No item 14 da Ata, a diretoria do Banco Central novamente confessa, de forma ainda mais clara, que fica desconfortável em não atender às expectativas dos rentistas e que tomará as decisões que garantam a sua credibilidade junto ao mercado, ou seja, os rentistas da dívida pública é que determinam a taxa de juros por meio de suas “expectativas de inflação” declaradas na pesquisa Focus:

“14. A desancoragem das expectativas de inflação é um fator de desconforto comum a todos os membros do Comitê. A reancoragem das expectativas é um elemento essencial para assegurar a convergência da inflação para a meta ao menor custo possível em termos de atividade. O Comitê avalia que a condução da política monetária é um fator fundamental para a reancoragem das expectativas e continuará tomando decisões que salvaguardem a credibilidade e reflitam o papel fundamental das expectativas na dinâmica de inflação.”

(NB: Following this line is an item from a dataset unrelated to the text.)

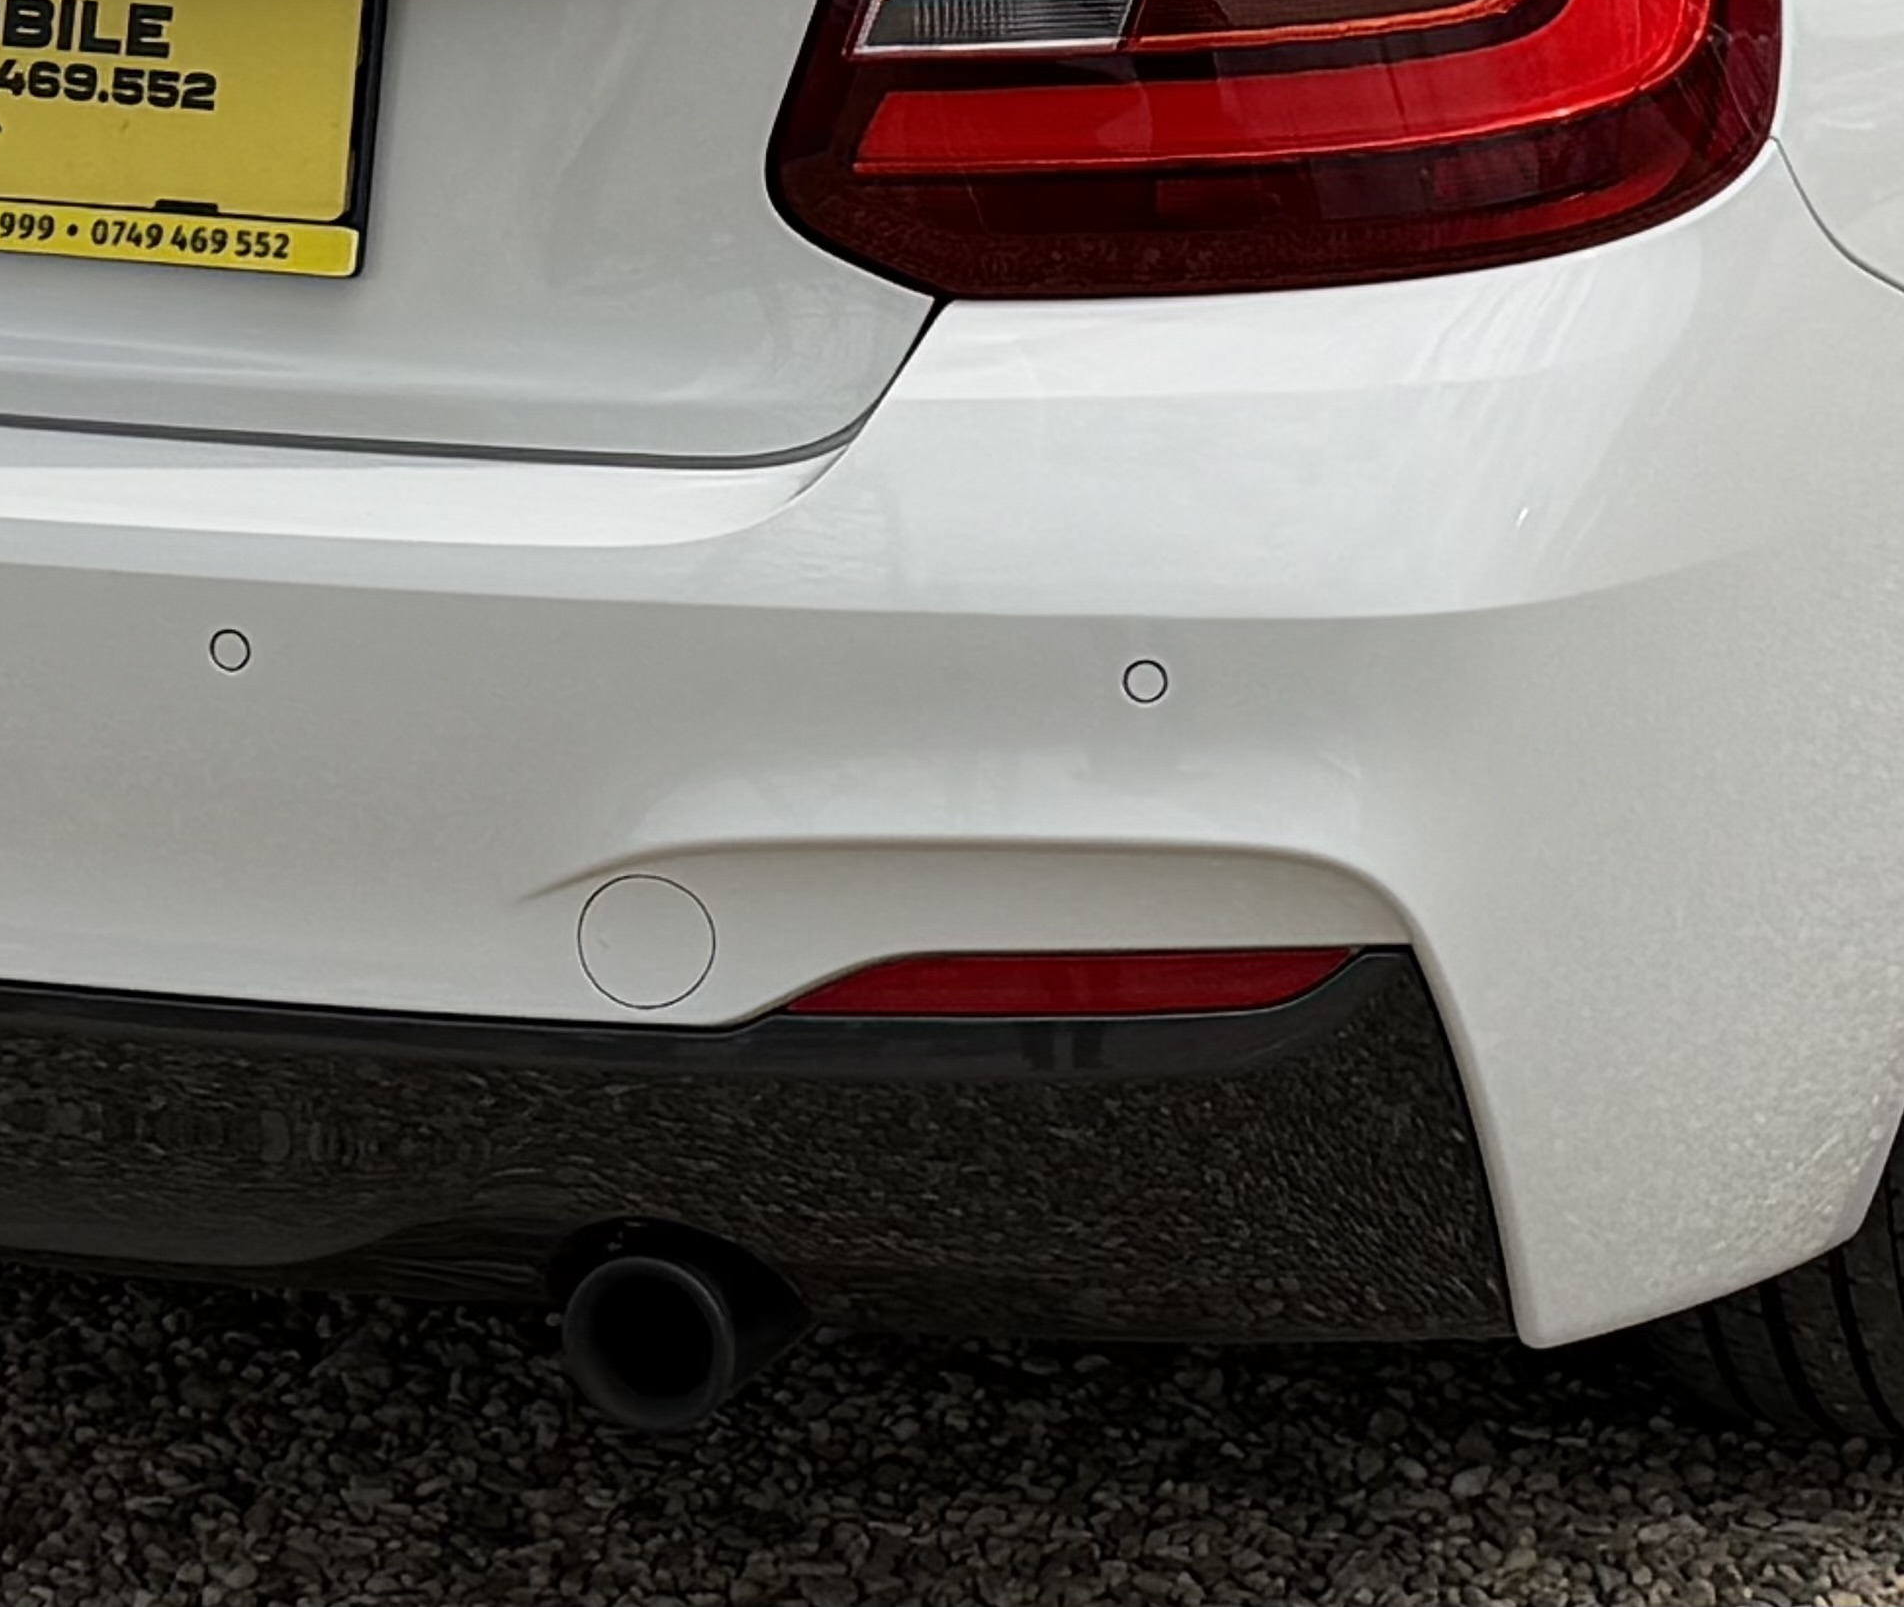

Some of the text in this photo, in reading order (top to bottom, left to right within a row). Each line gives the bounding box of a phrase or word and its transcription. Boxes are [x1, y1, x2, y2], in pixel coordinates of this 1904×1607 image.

[90, 218, 163, 249] 0749
[170, 224, 228, 255] 469
[234, 229, 291, 260] 552

É importante ressaltar que as grandes instituições financeiras que opinam na pesquisa Focus são também os grandes rentistas que lucram ainda mais quando a SELIC sobe, tendo em vista que mais da metade dos títulos públicos federais se encontram em poder de bancos e seus fundos de investimento, conforme dados divulgados pelo Tesouro Nacional que informa apenas os setores econômicos[26] que detêm os títulos públicos federais. Enquanto isso, o chamado “Tesouro Direto”, reiteradamente apontado como um suposto exemplo de que haveria ampla participação de pessoas comuns como investidores de dívida pública federal, responde por apenas 1,49% de seu estoque[27].

 

CONCLUSÃO

A análise da Ata referente à decisão da diretoria do Banco Central reunida no COPOM em setembro revelou que as razões nela contidas para procederem à elevação da taxa básica de juros SELIC não têm respaldo nos dados e fatos comentados no decorrer do texto, resumidos a seguir, em sentido contrário ao alegado pela diretoria do BC na referida Ata:

·       no que se refere à conjuntura internacional, o FED (Banco Central dos Estados Unidos) reduziu a taxa de juros;

·       no que se refere à conjuntura nacional, a economia brasileira está operando em níveis de atividade econômica praticamente estagnados e rendimentos médios inferiores a patamares observados em anos anteriores;

·       o nível atual de inflação se encontra dentro do limite da Meta, e tem sido provocada por preços administrados e preços de alimentos, que não se reduzem quando o BC eleva os juros;

·       a maior parte (73%) da inflação de janeiro até agosto de 2024 foi causada por fatores que nada têm a ver com uma suposta demanda aquecida, mas sim, com preços administrados pelo governo e preços de alimentos, que também não caem com a alta de juros;

·       o nível de investimentos sociais não é excessivo, pelo contrário, tem sido severamente constrangido por causa das regras do “arcabouço fiscal”, que além de impor teto rebaixado, tem exigido cortes e contingenciamentos;

·       a dívida pública não tem financiado investimentos sociais, pelo contrário, tem absorvido recursos de outras fontes distintas da emissão de títulos públicos que deveriam financiar investimentos sociais, mas estão sendo usados para pagar gastos com a dívida pública, que representa o verdadeiro ralo de recursos públicos, devido aos pagamentos de juros exorbitantes e amortizações;

·       ao contrário de se basear em “expectativas” de rentistas, o BC deveria pautar suas decisões no que de fato está acontecendo no país, medindo cautelosamente as nocivas consequências da elevação de juros para todo o conjunto da sociedade

Diante disso, é preciso que a sociedade se mobilize para inverter essa lógica, cabendo também medidas judiciais que visem questionar o grave desvio de finalidade da política monetária implementada pelo Banco Central, que ao invés de controlar a inflação e fomentar a atividade econômica no país, tem enriquecido os que já são muito ricos: os rentistas da dívida pública, enquanto prejudica toda a economia do país e as finanças públicas, devido ao aumento exponencial do gasto com juros.